From the Red Abbey Chronicles series, volume 2

by Maria Turtschaninoff

Pub Date: Jan. 9th, 2018
ISBN: 978-1-4197-2555-5
Publisher: Amulet/Abrams

A man harnesses a spiritual power and uses it to destroy women.

This prequel about the founding of the all-female abbey of Maresi (2017) begins across the sea. Kabira’s 19; Iskan, the vizier’s son, visits her family regularly, but is he courting Kabira or her sister? In this wealthy, formal, Asian-esque fantasy culture, there’s no way to know.

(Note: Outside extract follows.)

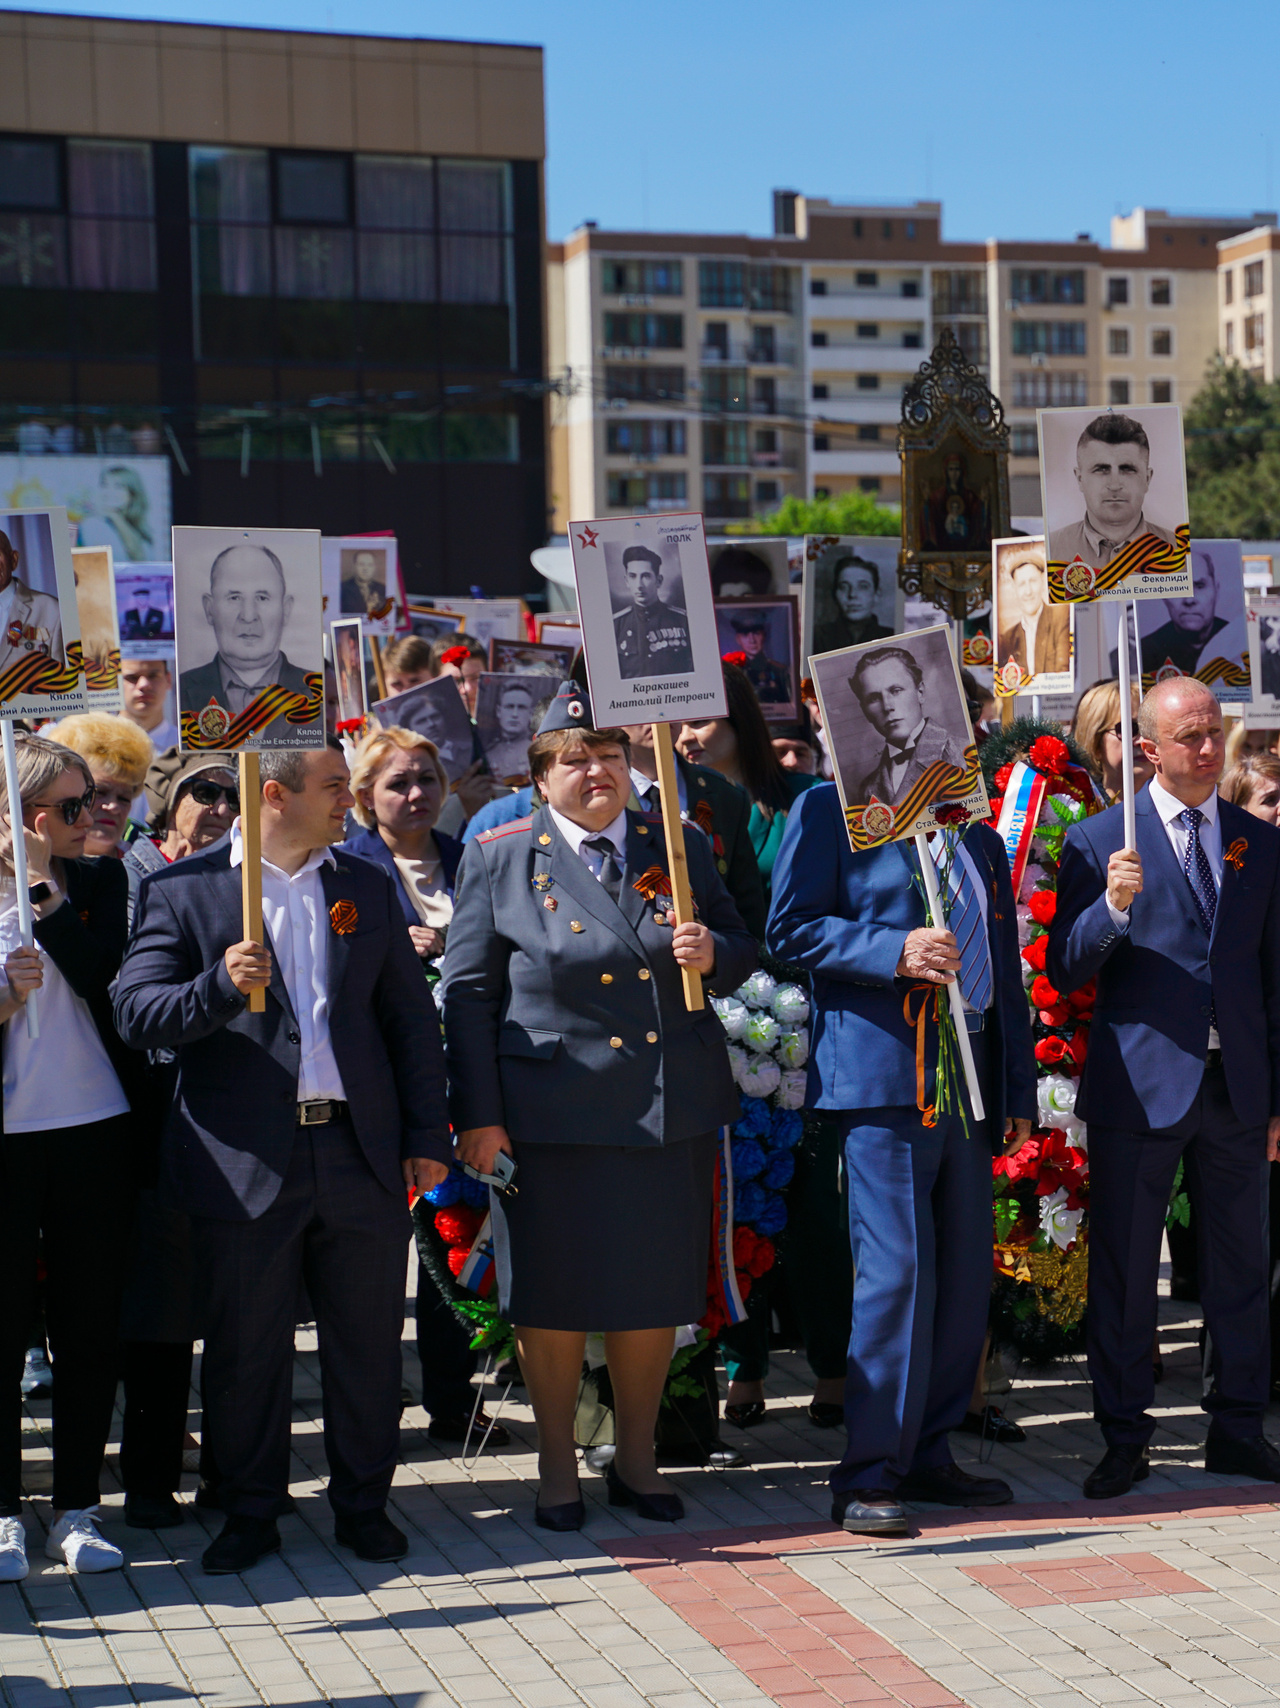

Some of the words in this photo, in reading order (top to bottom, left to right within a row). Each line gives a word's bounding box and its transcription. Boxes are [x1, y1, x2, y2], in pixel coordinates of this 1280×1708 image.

Kabira shows Iskan—who’s an irredeemably vile antagonist at the level of King Leck in Kristin Cashore’s Graceling Realm—a spring called Anji that holds “the primordial life force.” Iskan drinks Anji’s water and never looks back. He kills Kabira’s family, marries her, rapes her continually, aborts her daughters, and steals her sons. As decades pass, Iskan acquires new women (buying them as slaves, stealing them from other cultures; their religions and gifts vary). Each narrates in first person. He rapes and batters them, drinking more and more of Anji’s water; he lays waste to masses of people. The prose flows, elegant and smooth, with colorful settings. Turtschaninoff writes mothering-related trauma searingly but underemphasizes rape trauma despite the constancy of the act; inexplicably, the word “rape” never even appears. The women’s skin colors and cultures vary, though the darkest-skinned woman is exoticized.

Late solaces—the escape, the abbey’s founding, one partnership between women—can’t outweigh the toll of misogynistic torture in this heavy piece.